When the Coronavirus first broke out in China, allegations emerged that the Chinese state locked people in their homes and left them without adequate food or medical care. More recently people in Hubei province have defied the lockdown to protest high food prices among other things. In Israel, the government plans to use “anti-terrorism” surveillance technology to track the spread of the Coronavirus. This has led to concerns about increased domestic surveillance and spying on Palestinians and Israelis alike.

Countries hit the hardest by the Coronavirus have imposed extreme measures to contain its spread. Italy is under a complete lockdown, and those who break the rules face fines or even criminal charges. In one case, a man was sentenced to twelve years in prison. In France similar restrictions are in place, and the central government has deployed 100,000 gendarmes and police to enforce the nation-wide quarantine. People in France are now required to fill out a form just to leave their homes, even to go food shopping.
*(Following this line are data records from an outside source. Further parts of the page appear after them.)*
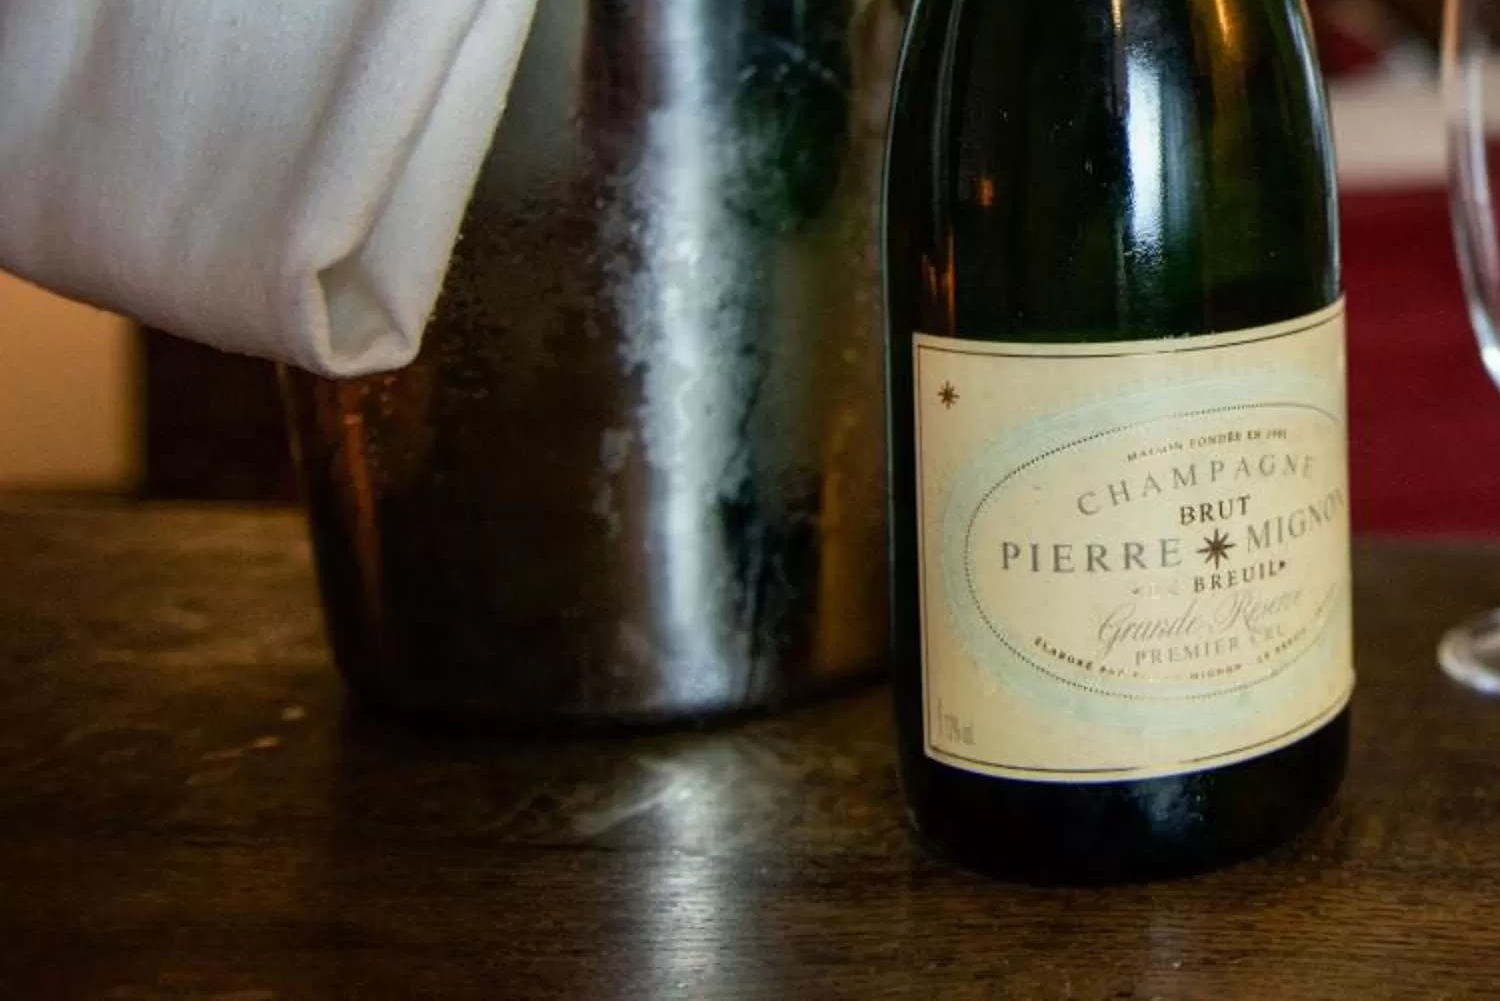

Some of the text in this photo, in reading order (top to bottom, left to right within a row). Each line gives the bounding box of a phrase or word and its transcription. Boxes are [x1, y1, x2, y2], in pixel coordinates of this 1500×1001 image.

[1076, 453, 1319, 516] CHAMPAGNE
[1179, 495, 1252, 526] BRUT
[1001, 538, 1183, 574] PIERRE
[1134, 636, 1240, 667] PREMIER
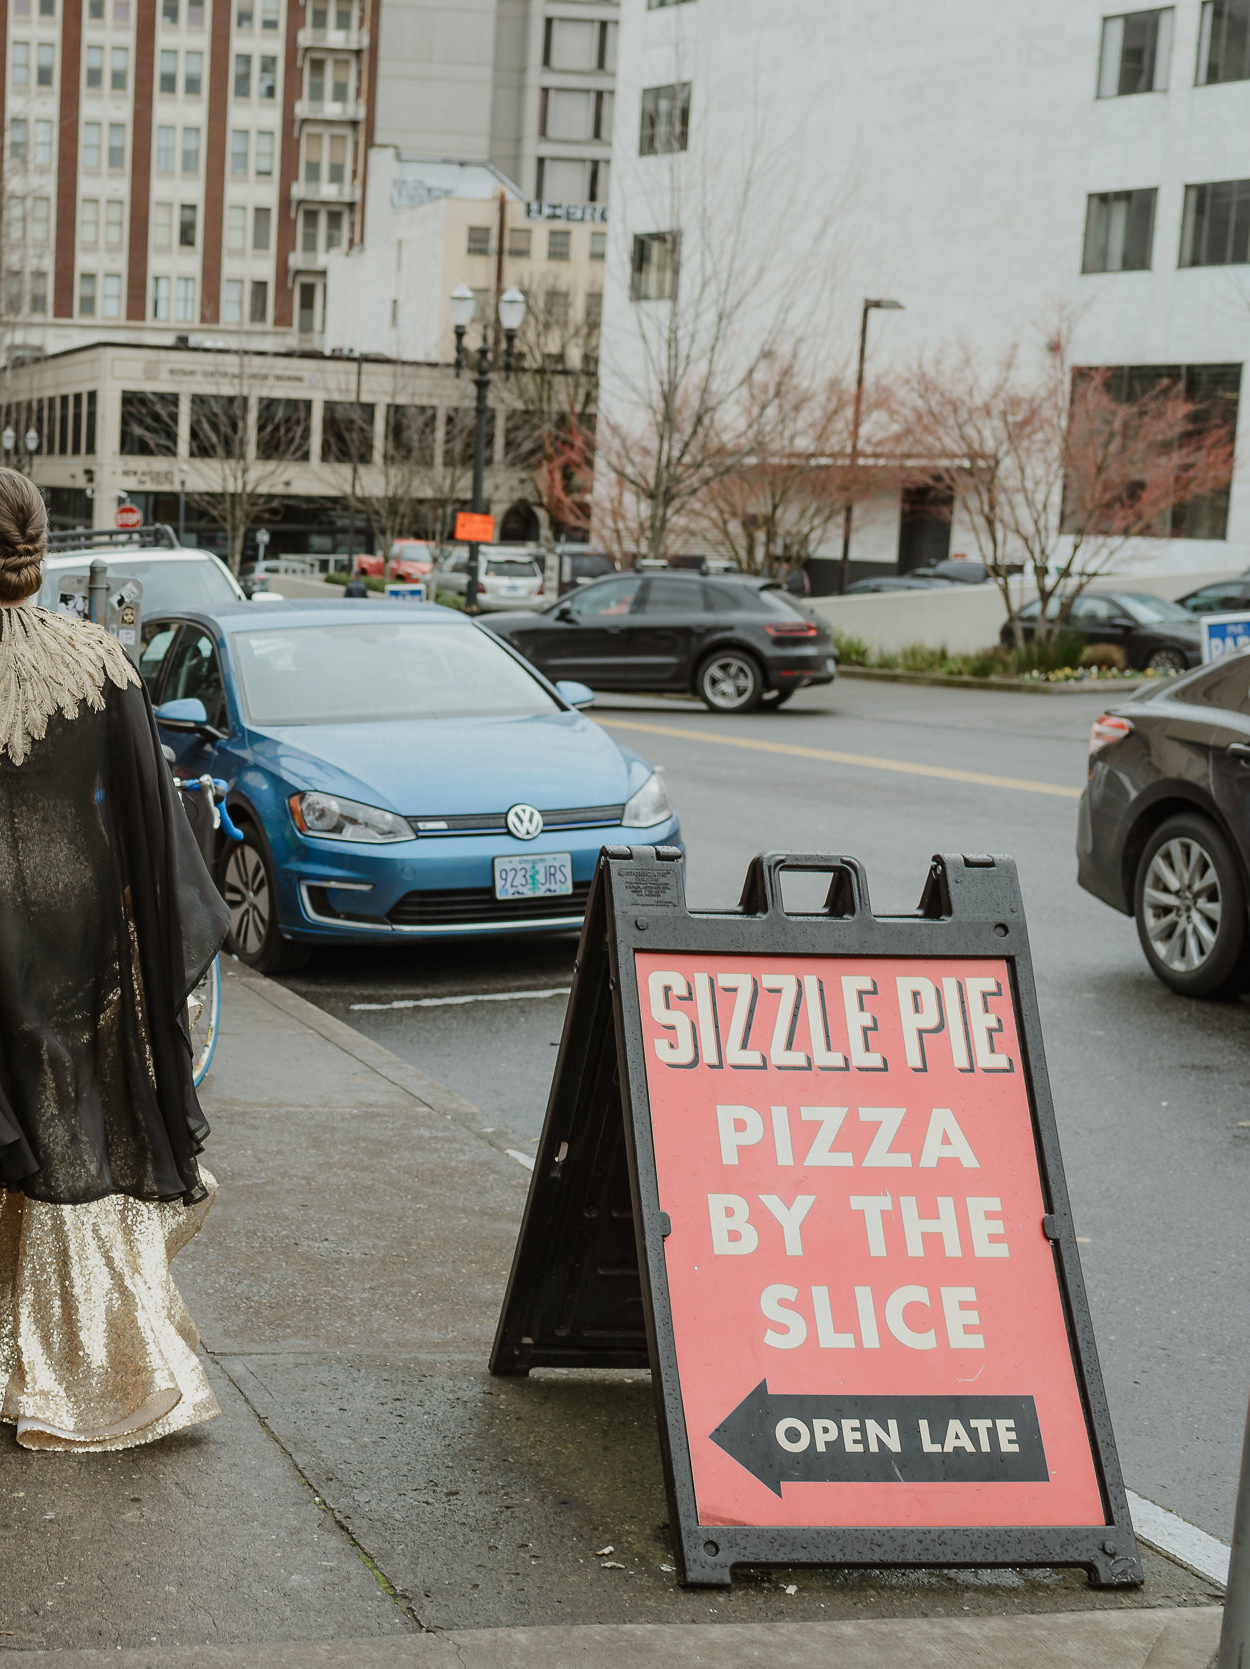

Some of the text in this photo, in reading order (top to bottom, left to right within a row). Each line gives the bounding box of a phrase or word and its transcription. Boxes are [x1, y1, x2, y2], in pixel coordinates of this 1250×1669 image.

[499, 864, 568, 889] 923 JRS
[648, 970, 1015, 1073] SIZZLE PIE
[715, 1104, 981, 1168] PIZZA
[706, 1193, 1011, 1258] BY THE
[759, 1283, 986, 1351] SLICE
[774, 1417, 1020, 1453] OPEN LATE
As the Coronavirus spreads throughout the U.S. and the healthcare system becomes increasingly overwhelmed, it is likely that the U.S. government will roll out similar measures. Some steps in this direction have already been taken. Earlier this week, the Bay Area issued a “shelter in place” order, which directed everyone in the region to stay in their homes as much as possible. New York City Mayor Bill DeBlasio indicated that he is contemplating imposing a similar order in the city. In a recent interview with MSNBC TV host Rachel Maddow, DeBlasio stated that New York City needs “military assistance” to combat the spread of the Coronavirus. This echoes statements made by New York State Governor Andrew Cuomo, who recently called on Trump to “mobilize the military” to help fight the virus. The Governors of Georgia and Maryland have already mobilized thousands of members of the National Guard. They are not alone, many states have mobilized troops.
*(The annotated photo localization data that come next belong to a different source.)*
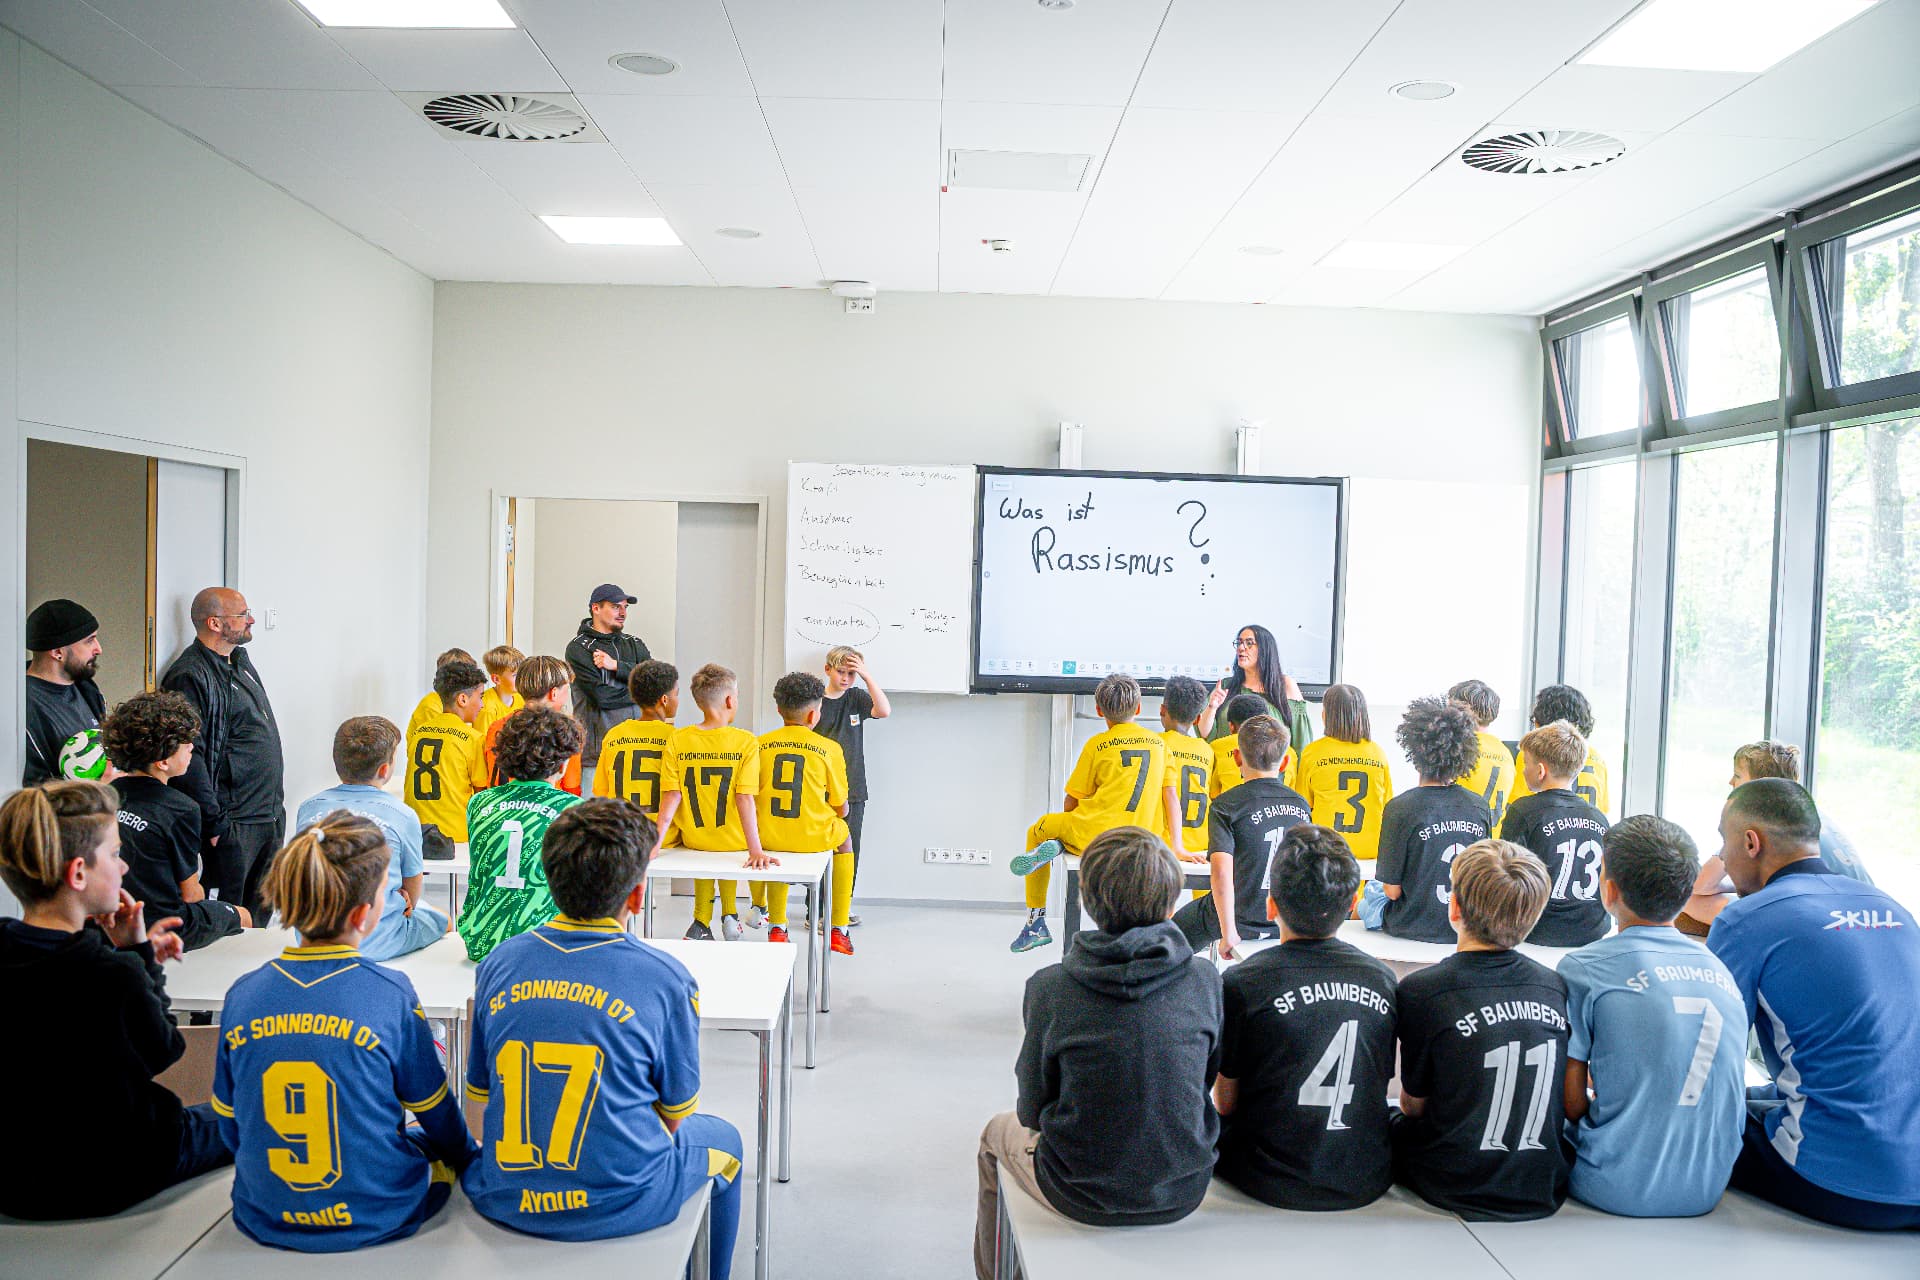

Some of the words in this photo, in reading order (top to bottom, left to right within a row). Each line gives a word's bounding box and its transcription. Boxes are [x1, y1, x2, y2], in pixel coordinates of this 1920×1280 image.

[999, 497, 1044, 520] Was
[1067, 491, 1095, 521] ist
[1031, 525, 1174, 577] Rassismus
[414, 738, 443, 800] 8
[613, 750, 662, 813] 15
[684, 767, 733, 828] 17
[771, 753, 805, 818] 9
[1120, 750, 1151, 812] 7
[1180, 765, 1208, 828] 6
[117, 810, 148, 831] BERG
[480, 805, 495, 817] SF
[499, 800, 561, 819] BAUMBER
[1251, 810, 1264, 825] SF
[1334, 771, 1368, 833] 3
[1418, 827, 1432, 841] SF
[1432, 820, 1484, 837] BAUMBERG
[1542, 822, 1556, 837] SF
[1556, 817, 1607, 836] BAUMBERG
[495, 820, 525, 889] 1
[1260, 826, 1285, 890] 1
[1551, 838, 1604, 901] 13
[1822, 909, 1905, 930] SKILL
[489, 991, 506, 1016] SC
[510, 979, 609, 1010] SONNBORN
[606, 998, 636, 1024] 07
[1273, 990, 1297, 1015] SF
[1299, 982, 1390, 1015] BAUMBERG
[1626, 970, 1650, 993] SF
[225, 1025, 247, 1051] SC
[250, 1013, 354, 1040] SONNBORN
[353, 1025, 381, 1051] 07
[1455, 1012, 1479, 1037] SF
[1672, 996, 1724, 1106] 7
[495, 1039, 605, 1171] 17
[1297, 1019, 1358, 1130] 4
[1479, 1038, 1557, 1151] 11
[262, 1060, 342, 1192] 9
California Governor Gavin Newsom said that martial law “is not necessary” to combat Coronavirus, but noted that he may impose it in the future. There is widespread speculation that martial law may in fact be declared at the national-level in the not so distant future. Numerous news agencies have recently run articles about the possibility of martial law being imposed across the country. Fake mass-texts about an imminent declaration of martial law have also been circulating. Google searches for martial law in the U.S. have skyrocketed in the past few days.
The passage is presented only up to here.